• _How to complete this task_
Copy the records out again in full, keeping them identical.

******

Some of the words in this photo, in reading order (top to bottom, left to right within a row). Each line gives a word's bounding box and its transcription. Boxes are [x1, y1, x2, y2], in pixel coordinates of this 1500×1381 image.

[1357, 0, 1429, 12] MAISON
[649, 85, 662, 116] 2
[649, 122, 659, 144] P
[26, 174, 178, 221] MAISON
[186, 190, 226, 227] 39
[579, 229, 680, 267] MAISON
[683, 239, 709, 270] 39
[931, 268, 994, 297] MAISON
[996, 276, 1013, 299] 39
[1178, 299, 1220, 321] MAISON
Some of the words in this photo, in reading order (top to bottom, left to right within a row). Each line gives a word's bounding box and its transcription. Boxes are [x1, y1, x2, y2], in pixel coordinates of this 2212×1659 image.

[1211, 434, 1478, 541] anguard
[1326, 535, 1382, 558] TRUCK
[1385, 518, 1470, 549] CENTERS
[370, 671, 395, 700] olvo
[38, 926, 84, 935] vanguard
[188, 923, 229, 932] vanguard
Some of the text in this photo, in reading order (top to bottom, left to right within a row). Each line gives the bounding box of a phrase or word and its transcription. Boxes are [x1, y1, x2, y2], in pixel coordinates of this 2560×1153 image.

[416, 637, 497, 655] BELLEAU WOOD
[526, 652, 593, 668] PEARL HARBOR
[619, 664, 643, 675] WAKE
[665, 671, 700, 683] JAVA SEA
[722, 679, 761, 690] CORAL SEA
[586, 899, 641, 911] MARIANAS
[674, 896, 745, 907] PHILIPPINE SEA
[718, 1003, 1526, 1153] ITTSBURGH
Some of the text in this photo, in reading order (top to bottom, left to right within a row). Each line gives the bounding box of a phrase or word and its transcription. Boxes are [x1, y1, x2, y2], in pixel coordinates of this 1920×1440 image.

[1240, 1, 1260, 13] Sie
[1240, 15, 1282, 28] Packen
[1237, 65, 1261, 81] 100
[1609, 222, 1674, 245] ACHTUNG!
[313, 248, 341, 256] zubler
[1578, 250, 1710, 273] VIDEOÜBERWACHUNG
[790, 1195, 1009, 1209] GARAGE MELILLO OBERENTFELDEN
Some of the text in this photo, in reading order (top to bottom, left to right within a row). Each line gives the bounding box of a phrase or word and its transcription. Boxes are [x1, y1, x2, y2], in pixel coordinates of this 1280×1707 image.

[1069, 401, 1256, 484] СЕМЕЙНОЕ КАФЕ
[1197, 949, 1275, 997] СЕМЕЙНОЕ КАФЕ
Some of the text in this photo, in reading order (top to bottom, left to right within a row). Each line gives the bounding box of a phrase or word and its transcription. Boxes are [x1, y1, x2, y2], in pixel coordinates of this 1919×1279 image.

******

• _Response below_
Some of the words in this photo, in reading order (top to bottom, left to right within a row). Each line gives a word's bounding box and its transcription. Boxes are [x1, y1, x2, y2], in pixel coordinates of this 1500×1381 image.

[1357, 0, 1429, 12] MAISON
[649, 85, 662, 116] 2
[649, 122, 659, 144] P
[26, 174, 178, 221] MAISON
[186, 190, 226, 227] 39
[579, 229, 680, 267] MAISON
[683, 239, 709, 270] 39
[931, 268, 994, 297] MAISON
[996, 276, 1013, 299] 39
[1178, 299, 1220, 321] MAISON
Some of the words in this photo, in reading order (top to bottom, left to right within a row). Each line gives a word's bounding box and its transcription. Boxes are [x1, y1, x2, y2], in pixel coordinates of this 2212×1659 image.

[1211, 434, 1478, 541] anguard
[1326, 535, 1382, 558] TRUCK
[1385, 518, 1470, 549] CENTERS
[370, 671, 395, 700] olvo
[38, 926, 84, 935] vanguard
[188, 923, 229, 932] vanguard
Some of the text in this photo, in reading order (top to bottom, left to right within a row). Each line gives the bounding box of a phrase or word and its transcription. Boxes are [x1, y1, x2, y2], in pixel coordinates of this 2560×1153 image.

[416, 637, 497, 655] BELLEAU WOOD
[526, 652, 593, 668] PEARL HARBOR
[619, 664, 643, 675] WAKE
[665, 671, 700, 683] JAVA SEA
[722, 679, 761, 690] CORAL SEA
[586, 899, 641, 911] MARIANAS
[674, 896, 745, 907] PHILIPPINE SEA
[718, 1003, 1526, 1153] ITTSBURGH
Some of the text in this photo, in reading order (top to bottom, left to right within a row). Each line gives the bounding box of a phrase or word and its transcription. Boxes are [x1, y1, x2, y2], in pixel coordinates of this 1920×1440 image.

[1240, 1, 1260, 13] Sie
[1240, 15, 1282, 28] Packen
[1237, 65, 1261, 81] 100
[1609, 222, 1674, 245] ACHTUNG!
[313, 248, 341, 256] zubler
[1578, 250, 1710, 273] VIDEOÜBERWACHUNG
[790, 1195, 1009, 1209] GARAGE MELILLO OBERENTFELDEN
Some of the text in this photo, in reading order (top to bottom, left to right within a row). Each line gives the bounding box of a phrase or word and its transcription. Boxes are [x1, y1, x2, y2], in pixel coordinates of this 1280×1707 image.

[1069, 401, 1256, 484] СЕМЕЙНОЕ КАФЕ
[1197, 949, 1275, 997] СЕМЕЙНОЕ КАФЕ
Some of the text in this photo, in reading order (top to bottom, left to right within a row). Each line gives the bounding box of a phrase or word and its transcription. Boxes are [x1, y1, x2, y2], in pixel coordinates of this 1919×1279 image.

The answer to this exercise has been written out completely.